A little bit of common sense, patience and tolerance goes a long way. So, while we are always ready to assist you in having the holiday of your life-time, the old adage about ‘Getting back what you put in’ is especially true here. A trekking holiday doesn’t appeal to everyone and

honestly, half way up the first hill you may wonder why you’re not on a beach somewhere. However, at the first sight of the mighty Mountains and the environment you will know why you chose Nepal and why trekking is the ultimate holiday. It is a time to reflect, take photographs make new friends among vastly different people, to sit in the sun and gaze up at soaring peaks of ice and rock, to relax and have fun in the company of great people.
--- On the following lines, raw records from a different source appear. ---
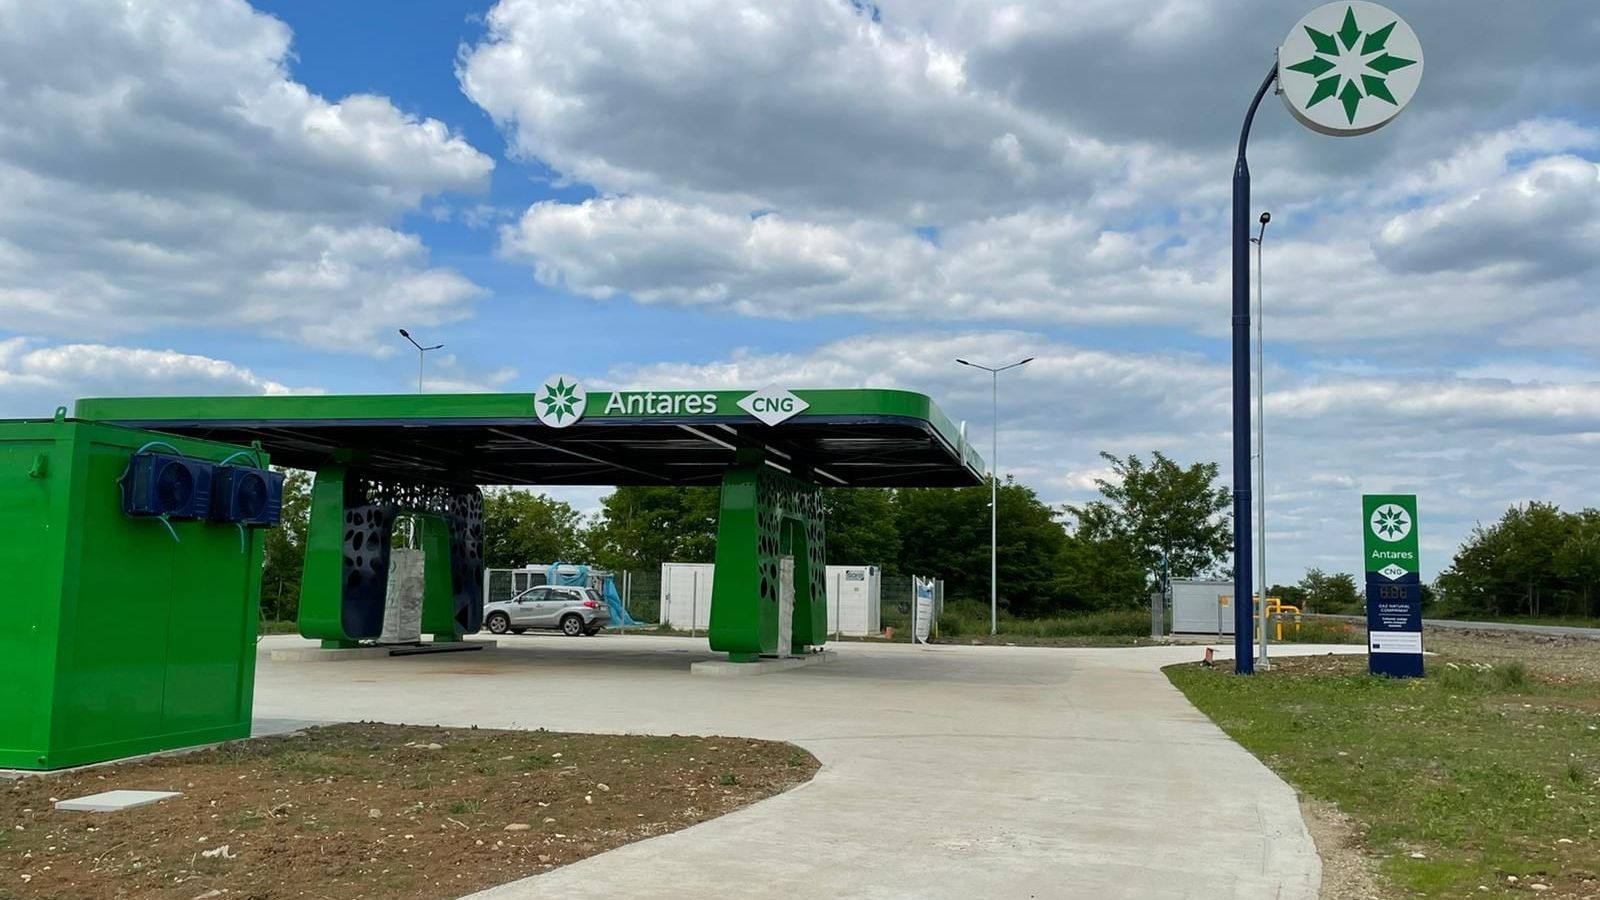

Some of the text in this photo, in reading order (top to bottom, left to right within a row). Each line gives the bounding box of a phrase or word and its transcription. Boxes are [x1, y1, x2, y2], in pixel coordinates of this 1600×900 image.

[604, 391, 717, 415] Antares
[752, 397, 794, 413] CNG
[1371, 549, 1414, 559] Antares
[1384, 568, 1402, 576] CNG
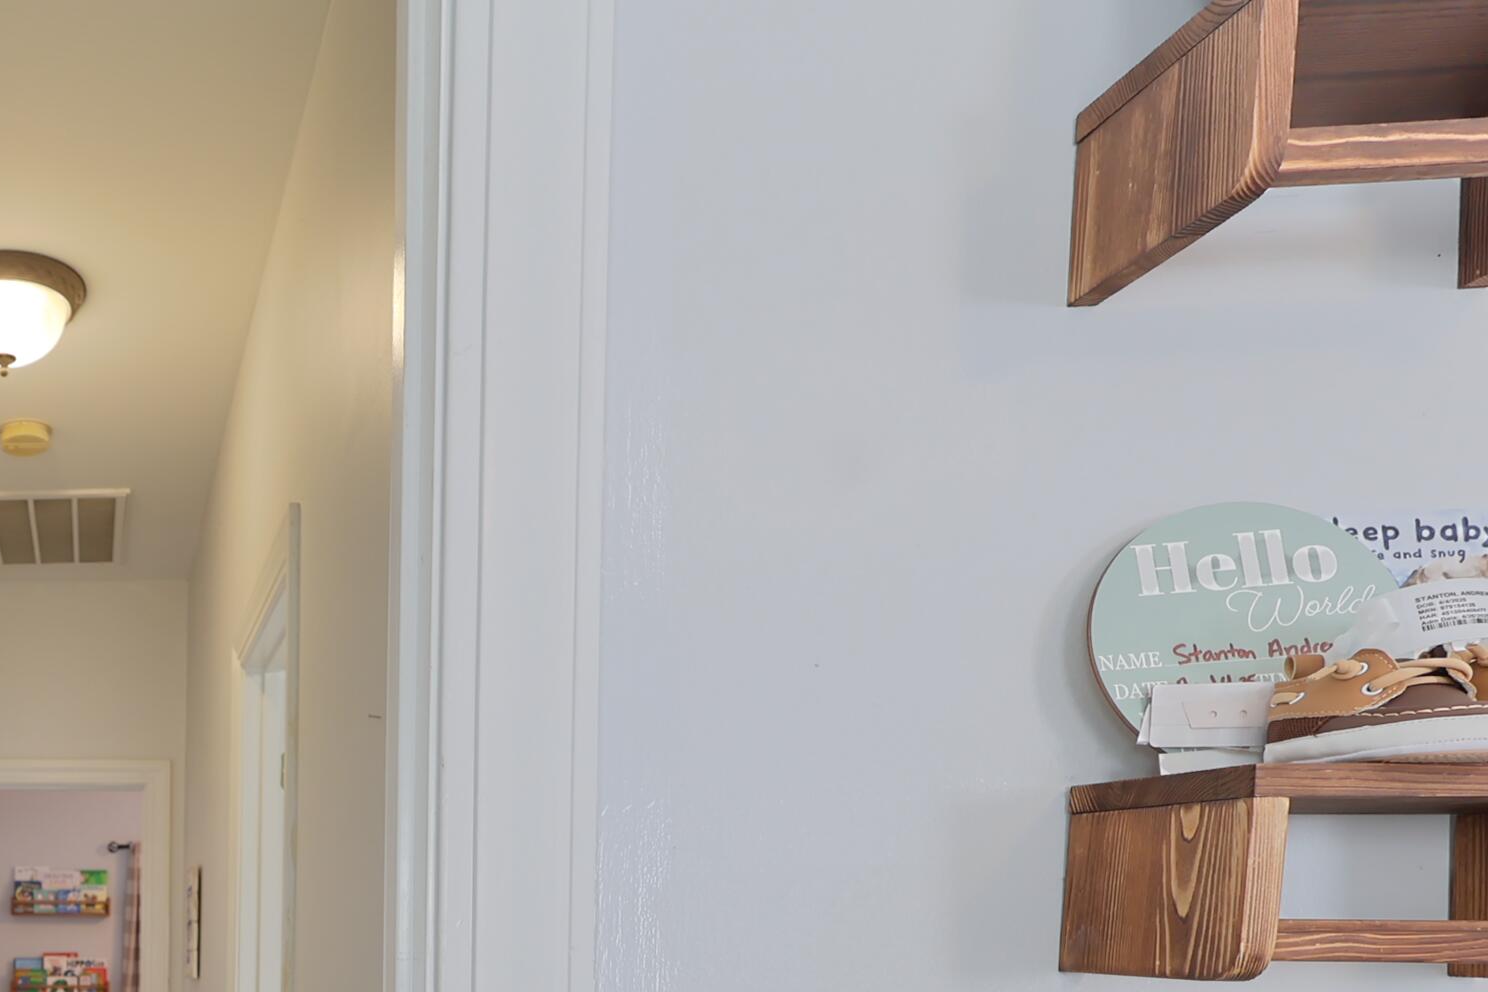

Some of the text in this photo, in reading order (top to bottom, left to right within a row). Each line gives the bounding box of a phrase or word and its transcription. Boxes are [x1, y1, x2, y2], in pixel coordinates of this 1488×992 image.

[1130, 528, 1338, 597] Hello
[1393, 548, 1422, 560] and
[1098, 651, 1163, 673] NAME
[1172, 643, 1257, 666] Stanton
[1114, 680, 1168, 700] DAT
Nepal is a developing country and sometimes things happen on time but mostly they don’t. Nepal Trek Ways appreciates that this is your Holiday and that you want things to happen when they are supposed to, but we can’t control the weather! While we will do our best to rectify the situation, please understand that delays are commonplace in this part of the World. We are sure you will appreciate this and accept this and it as part of the whole Nepal experience. Leave your watch at home and take things as they come. You will quickly become accustomed to the relaxed pace and are likely to reassess your usual frantic schedule! Enjoy your trek.